陸明淵站起身,活動了一下有些僵硬的筋骨,骨節發出一連串細微的脆響。

他走到窗邊,推開窗戶,清晨帶著溼氣的微涼空氣撲面而來,讓他精神為之一振。

天際,那抹魚肚白已經展開。

溫州府的輪廓,在晨光中漸漸清晰。

“公子是要……”

若雪冰雪聰明,已然猜到了七八分。

“擒賊先擒王,打蛇打七寸。”

陸明淵的目光投向東方,那裡是平陽縣的方向。

“杜知府既然將這把刀遞到了我的手上,我若是不讓它見見血,豈非辜負了他一番‘美意’?”

他稍作洗漱,又用了半碗蓮子羹,便不再耽擱。

府衙之內,早已待命的二十餘名精幹衙役集結完畢。

與此同時,那些在府衙外苦等了一夜的平陽縣百姓也被請了進來。

“諸位鄉親,”

陸明淵的聲音不大,卻清晰地傳入每一個人耳中。

“你們的冤屈,本官已經知曉。是非曲直,總要有個公道。”

“今日,我便與你們同去平陽,我要親眼看一看,是哪裡的王法,敢讓青天白日之下,生出如此多的魑魅魍魎!”
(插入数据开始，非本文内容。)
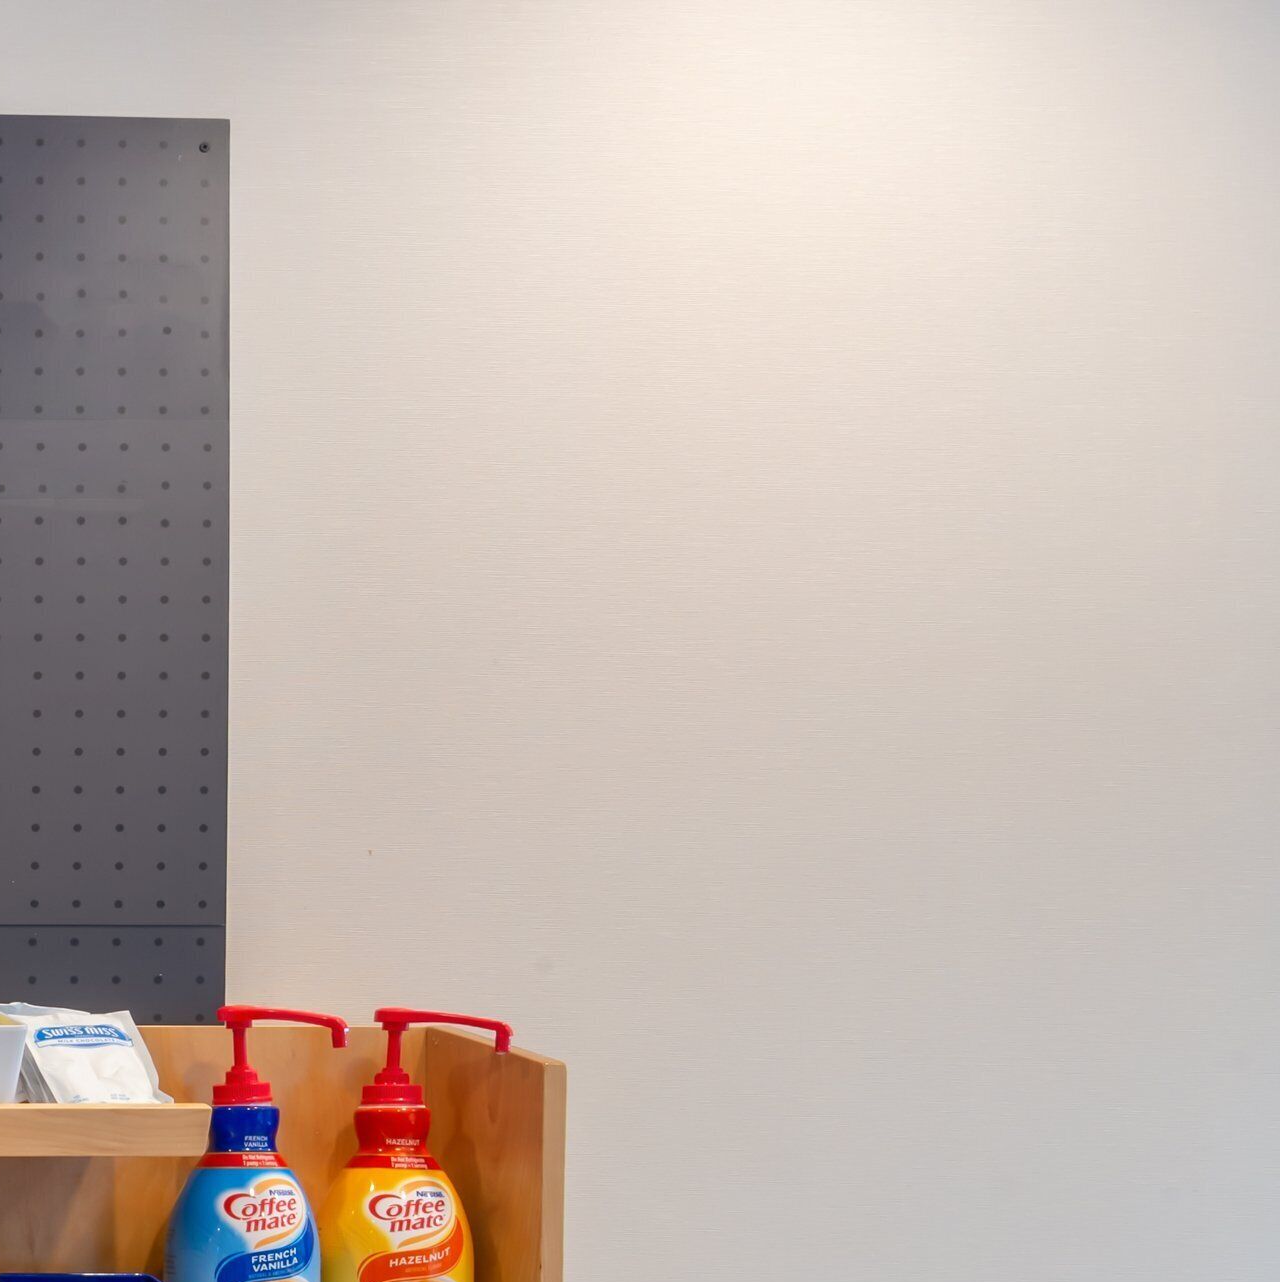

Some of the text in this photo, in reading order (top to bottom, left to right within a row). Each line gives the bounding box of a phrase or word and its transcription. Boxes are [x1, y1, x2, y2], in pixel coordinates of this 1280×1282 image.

[224, 1193, 297, 1220] Coffee
[368, 1194, 446, 1220] Coffee
[246, 1213, 297, 1232] mate
[389, 1215, 445, 1232] mate
[251, 1248, 297, 1264] FRENCH
[253, 1257, 298, 1272] VANILLA
[389, 1247, 451, 1267] HAZELNUT
沒有多餘的廢話,一聲令下,一行人便浩浩蕩蕩地出了溫州府衙。

二十多名衙役在前開道,陸明淵騎著一匹神駿的白馬居中。

身後跟著那三十多名神情激動的百姓,他們或推著獨輪車,或挑著擔子。

裡面裝著的,是他們全部的家當,以及一疊疊早已泛黃的狀紙。

這支奇怪的隊伍,在清晨的薄霧中,如同一柄出鞘的利劍,直指平陽!

……

平陽縣衙。

知縣孟康正端著一碗參茶,悠哉地聽著窗外的鳥鳴。

他只覺得官場生涯,能在這富庶之地做個父母官,也算是一樁美事。

汪家雖說霸道了些。

但每年送來的“冰敬”“炭敬”卻也著實豐厚,足以讓他過得比京城裡許多同僚都滋潤。

就在這時,一名師爺連滾帶爬地衝了進來,臉色煞白,連官帽都跑歪了。

“大……大人!不好了!出大事了!”

孟康眉頭一皺,不悅道:“慌慌張張,成何體統!天塌下來了不成?”

“比天塌下來還……還厲害!”

師爺喘著粗氣,指著縣衙外。

“府……府裡的冠文伯,陸同知……帶著人馬和一群刁民,已經到縣衙門口了!”

“甚麼?!”

孟康手一抖,那碗價值不菲的參茶“哐當”一聲摔在地上,碎成了幾片。

他直接從太師椅上彈了起來。

陸明淵前段時間才來過平陽縣!

如今怎麼又來?

還帶著人馬和……刁民?

孟康的腦子嗡的一聲,瞬間一片空白。他

不是蠢人,能在這盤根錯節的平陽縣坐穩知縣的位置,自有他的玲瓏心思。

只一瞬間,他便想到了前幾日府城鬧得沸沸揚揚的百人鳴冤,想到了那些狀紙背後共同指向的名字。

汪家!

陸明淵是衝著汪家來的!

一股寒氣從孟康的尾椎骨直衝頭頂,他只覺得手腳冰涼。

他立刻意識到,這已經不是他能和稀泥糊弄過去的事情了。

“快!快去後門!”

他壓低聲音,對身邊一個心腹衙役急聲道。

“立刻去見趙大管家,告訴他,就說府裡的陸大人親至,來者不善。”

“讓他務必第一時間通知溫州汪家主家,早做準備!”

那衙役不敢怠慢,領命匆匆而去。

孟康則深吸一口氣,強行壓下心中的驚濤駭浪。

他以最快的速度整理好衣冠,臉上擠出一個比哭還難看的笑容。

帶著縣衙裡所有的大小官吏,三步並作兩步地朝縣衙大門迎去。

“下官平陽知縣孟康,不知陸大人駕到,有失遠迎,恕罪,恕罪啊!”

人未至,聲先到。孟康躬著身子,姿態放得極低。

陸明淵翻身下馬,目光平靜地看著眼前這個滿頭大汗、一臉諂媚的朝廷命官,眼神裡沒有半分波瀾。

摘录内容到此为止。